Directions for this task
What is needed is an exact copy of the entries, with the pictures excluded.

Record excerpts
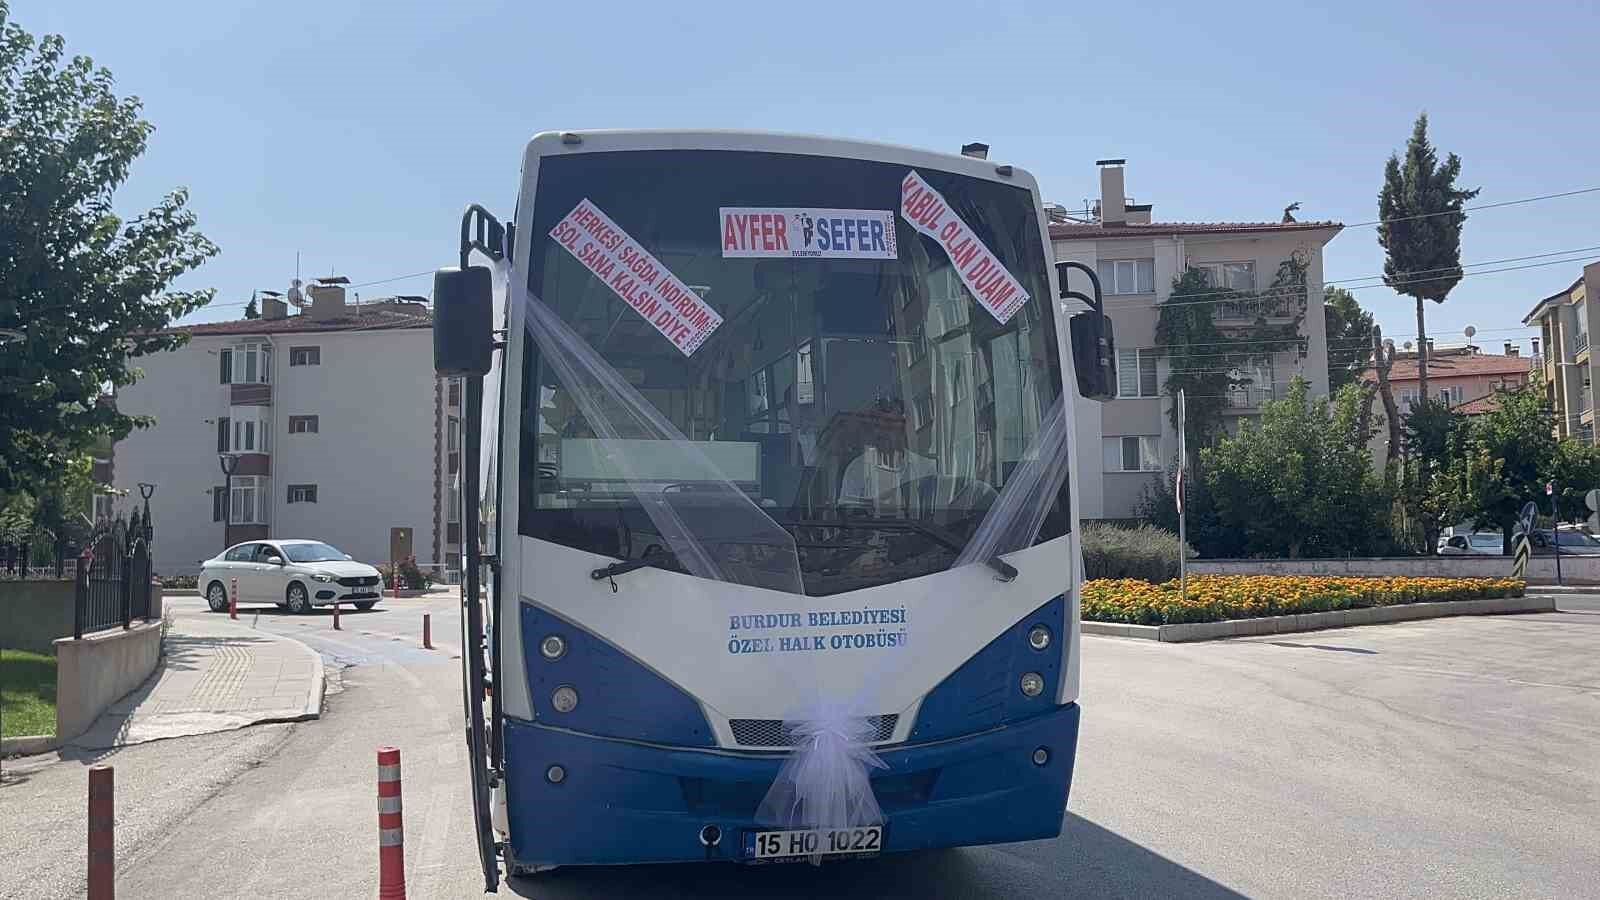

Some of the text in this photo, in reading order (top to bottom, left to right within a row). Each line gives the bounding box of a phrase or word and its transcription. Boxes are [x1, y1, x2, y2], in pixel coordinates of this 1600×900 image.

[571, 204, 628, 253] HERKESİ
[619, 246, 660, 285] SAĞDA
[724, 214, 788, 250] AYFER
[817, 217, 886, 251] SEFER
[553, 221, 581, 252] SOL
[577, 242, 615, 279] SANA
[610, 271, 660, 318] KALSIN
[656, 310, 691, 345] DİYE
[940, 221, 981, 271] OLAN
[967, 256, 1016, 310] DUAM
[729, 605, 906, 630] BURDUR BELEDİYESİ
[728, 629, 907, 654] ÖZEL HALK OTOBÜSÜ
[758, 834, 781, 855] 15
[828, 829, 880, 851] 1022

Task solution
Some of the text in this photo, in reading order (top to bottom, left to right within a row). Each line gives the bounding box of a phrase or word and its transcription. Boxes are [x1, y1, x2, y2], in pixel coordinates of this 1600×900 image.

[571, 204, 628, 253] HERKESİ
[619, 246, 660, 285] SAĞDA
[724, 214, 788, 250] AYFER
[817, 217, 886, 251] SEFER
[553, 221, 581, 252] SOL
[577, 242, 615, 279] SANA
[610, 271, 660, 318] KALSIN
[656, 310, 691, 345] DİYE
[940, 221, 981, 271] OLAN
[967, 256, 1016, 310] DUAM
[729, 605, 906, 630] BURDUR BELEDİYESİ
[728, 629, 907, 654] ÖZEL HALK OTOBÜSÜ
[758, 834, 781, 855] 15
[828, 829, 880, 851] 1022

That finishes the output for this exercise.